◆ **What you have to do**
Every record is to be copied unchanged, except that its pictures are removed.

########

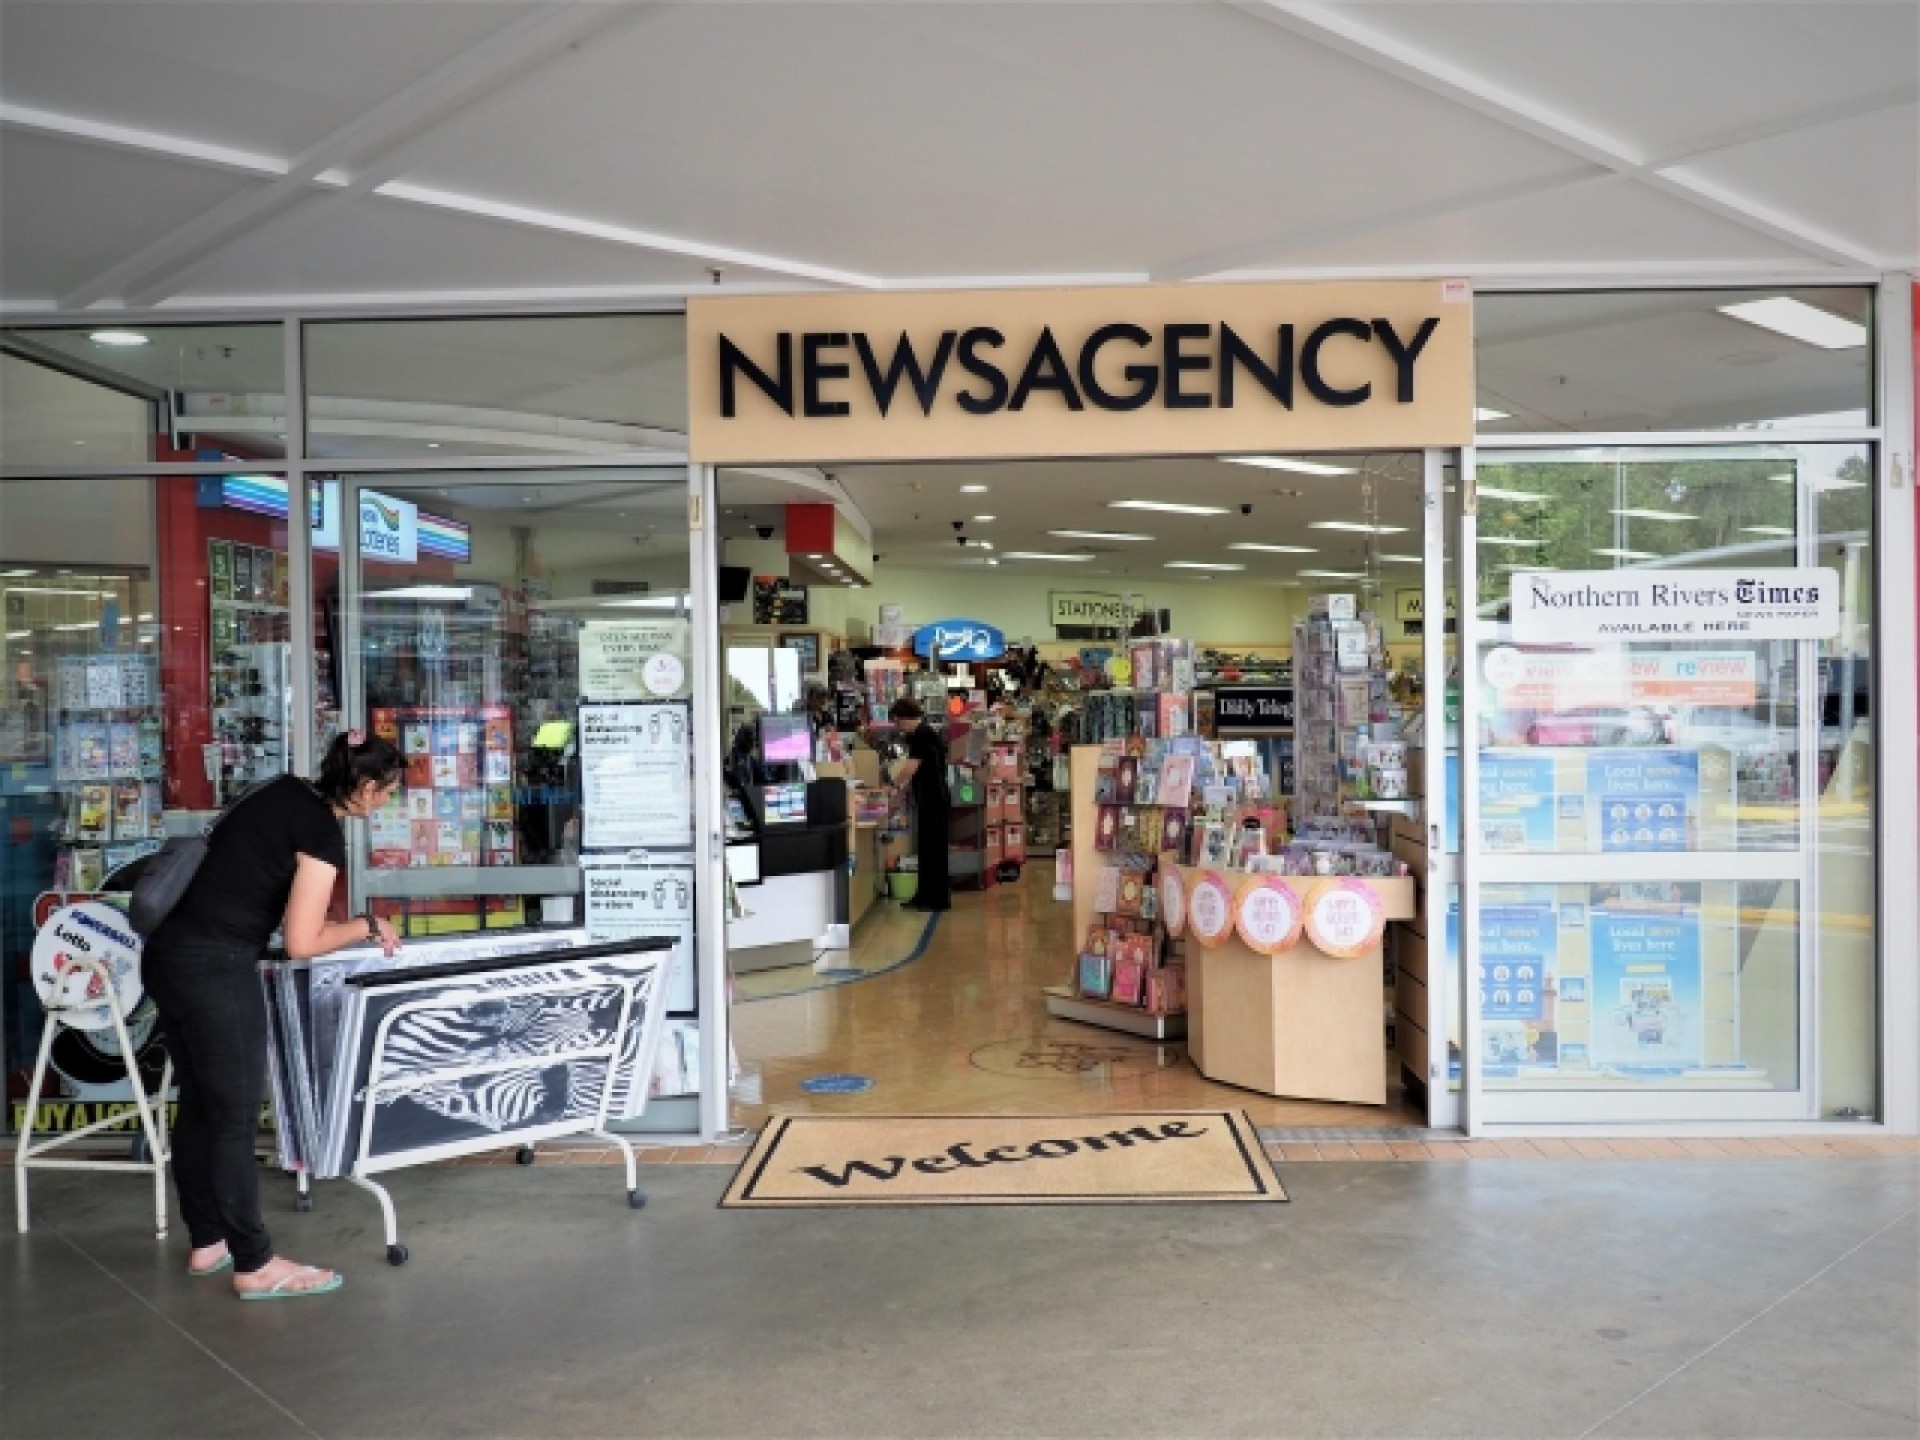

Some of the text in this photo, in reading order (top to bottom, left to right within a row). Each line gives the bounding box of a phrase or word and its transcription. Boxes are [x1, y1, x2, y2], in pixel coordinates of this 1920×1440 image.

[718, 317, 1441, 419] NEWSAGENCY
[1530, 578, 1819, 610] Northern Rivers Times
[1598, 619, 1750, 634] AVAILABLE HERE
[53, 924, 91, 951] Lotto
[790, 1119, 1208, 1188] Welcome

########

◆ **Problem solution**
Some of the text in this photo, in reading order (top to bottom, left to right within a row). Each line gives the bounding box of a phrase or word and its transcription. Boxes are [x1, y1, x2, y2], in pixel coordinates of this 1920×1440 image.

[718, 317, 1441, 419] NEWSAGENCY
[1530, 578, 1819, 610] Northern Rivers Times
[1598, 619, 1750, 634] AVAILABLE HERE
[53, 924, 91, 951] Lotto
[790, 1119, 1208, 1188] Welcome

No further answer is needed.